Return the entries exactly. Images are not part of the copy.

◆ **Data for processing**
☆ ☆ ☆ ☆ ☆
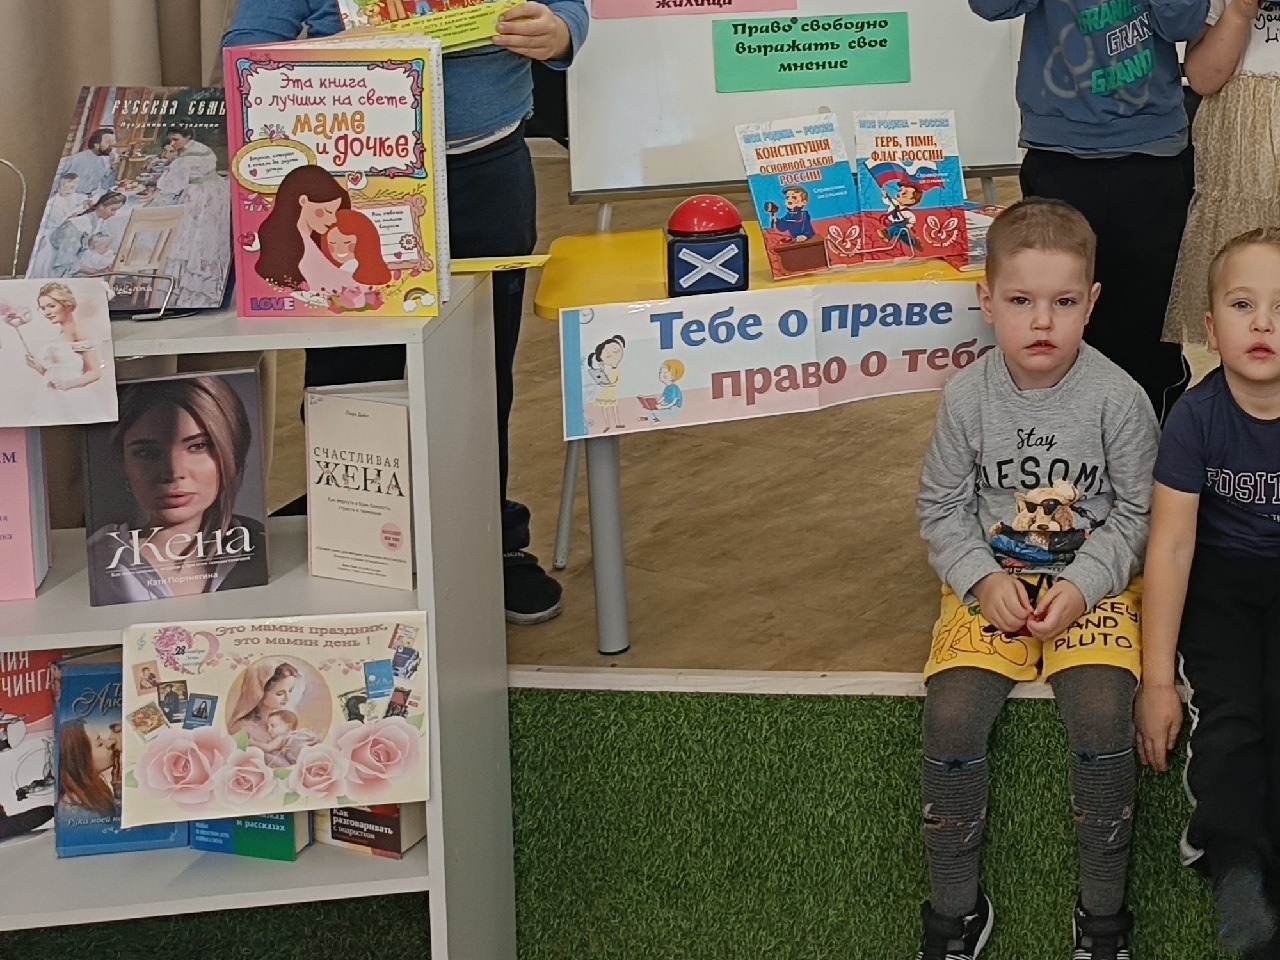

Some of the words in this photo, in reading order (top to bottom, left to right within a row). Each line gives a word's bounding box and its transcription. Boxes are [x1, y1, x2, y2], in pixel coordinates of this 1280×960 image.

[732, 21, 792, 37] Право
[800, 16, 889, 35] свободно
[1106, 12, 1154, 56] GRAN
[735, 37, 841, 56] выражать
[848, 36, 888, 50] свое
[778, 58, 848, 73] мнение
[1091, 49, 1154, 94] GRAND
[280, 73, 314, 89] Эта
[319, 77, 367, 89] книга
[111, 100, 179, 115] РУССКАЯ
[188, 100, 226, 115] СЕМЬ
[255, 96, 263, 106] о
[269, 93, 327, 112] лучших
[332, 92, 352, 107] на
[358, 89, 408, 108] свете
[292, 111, 365, 140] маме
[316, 141, 330, 155] и
[333, 134, 409, 167] дочке
[755, 139, 830, 160] КОНСТИТУЦИЯ
[875, 136, 902, 148] ГЕРБ,
[906, 136, 937, 148] ГИМН,
[871, 151, 897, 161] ФЛАГ
[901, 150, 943, 160] РОССИИ
[760, 159, 806, 174] ОСНОВНОЙ
[807, 156, 834, 168] ЗАКОН
[780, 171, 821, 184] РОССИИ
[250, 296, 295, 311] LOVE
[650, 307, 762, 350] Тебе
[778, 309, 807, 338] о
[821, 301, 952, 337] праве
[711, 355, 847, 406] право
[860, 350, 887, 376] о
[1017, 427, 1057, 451] Stay
[314, 447, 399, 468] СЧАСТЛИВАЯ
[314, 460, 405, 497] ЖЕНА
[106, 526, 255, 570] Жена
[147, 577, 167, 586] Катя
[168, 572, 218, 584] Портнягина
[216, 625, 245, 636] Это
[250, 624, 303, 634] мамин
[309, 623, 388, 636] праздник,
[1067, 616, 1118, 634] AND
[233, 638, 262, 647] это
[267, 638, 319, 647] мамин
[324, 640, 361, 649] день
[1054, 633, 1132, 652] PLUTO
[333, 808, 348, 817] Как
[244, 821, 285, 831] рассказах
[333, 817, 393, 834] разговаривать
[339, 827, 375, 839] подростком
☆ ☆ ☆ ☆ ☆
◆ **Task answer**
Some of the words in this photo, in reading order (top to bottom, left to right within a row). Each line gives a word's bounding box and its transcription. Boxes are [x1, y1, x2, y2], in pixel coordinates of this 1280×960 image.

[732, 21, 792, 37] Право
[800, 16, 889, 35] свободно
[1106, 12, 1154, 56] GRAN
[735, 37, 841, 56] выражать
[848, 36, 888, 50] свое
[778, 58, 848, 73] мнение
[1091, 49, 1154, 94] GRAND
[280, 73, 314, 89] Эта
[319, 77, 367, 89] книга
[111, 100, 179, 115] РУССКАЯ
[188, 100, 226, 115] СЕМЬ
[255, 96, 263, 106] о
[269, 93, 327, 112] лучших
[332, 92, 352, 107] на
[358, 89, 408, 108] свете
[292, 111, 365, 140] маме
[316, 141, 330, 155] и
[333, 134, 409, 167] дочке
[755, 139, 830, 160] КОНСТИТУЦИЯ
[875, 136, 902, 148] ГЕРБ,
[906, 136, 937, 148] ГИМН,
[871, 151, 897, 161] ФЛАГ
[901, 150, 943, 160] РОССИИ
[760, 159, 806, 174] ОСНОВНОЙ
[807, 156, 834, 168] ЗАКОН
[780, 171, 821, 184] РОССИИ
[250, 296, 295, 311] LOVE
[650, 307, 762, 350] Тебе
[778, 309, 807, 338] о
[821, 301, 952, 337] праве
[711, 355, 847, 406] право
[860, 350, 887, 376] о
[1017, 427, 1057, 451] Stay
[314, 447, 399, 468] СЧАСТЛИВАЯ
[314, 460, 405, 497] ЖЕНА
[106, 526, 255, 570] Жена
[147, 577, 167, 586] Катя
[168, 572, 218, 584] Портнягина
[216, 625, 245, 636] Это
[250, 624, 303, 634] мамин
[309, 623, 388, 636] праздник,
[1067, 616, 1118, 634] AND
[233, 638, 262, 647] это
[267, 638, 319, 647] мамин
[324, 640, 361, 649] день
[1054, 633, 1132, 652] PLUTO
[333, 808, 348, 817] Как
[244, 821, 285, 831] рассказах
[333, 817, 393, 834] разговаривать
[339, 827, 375, 839] подростком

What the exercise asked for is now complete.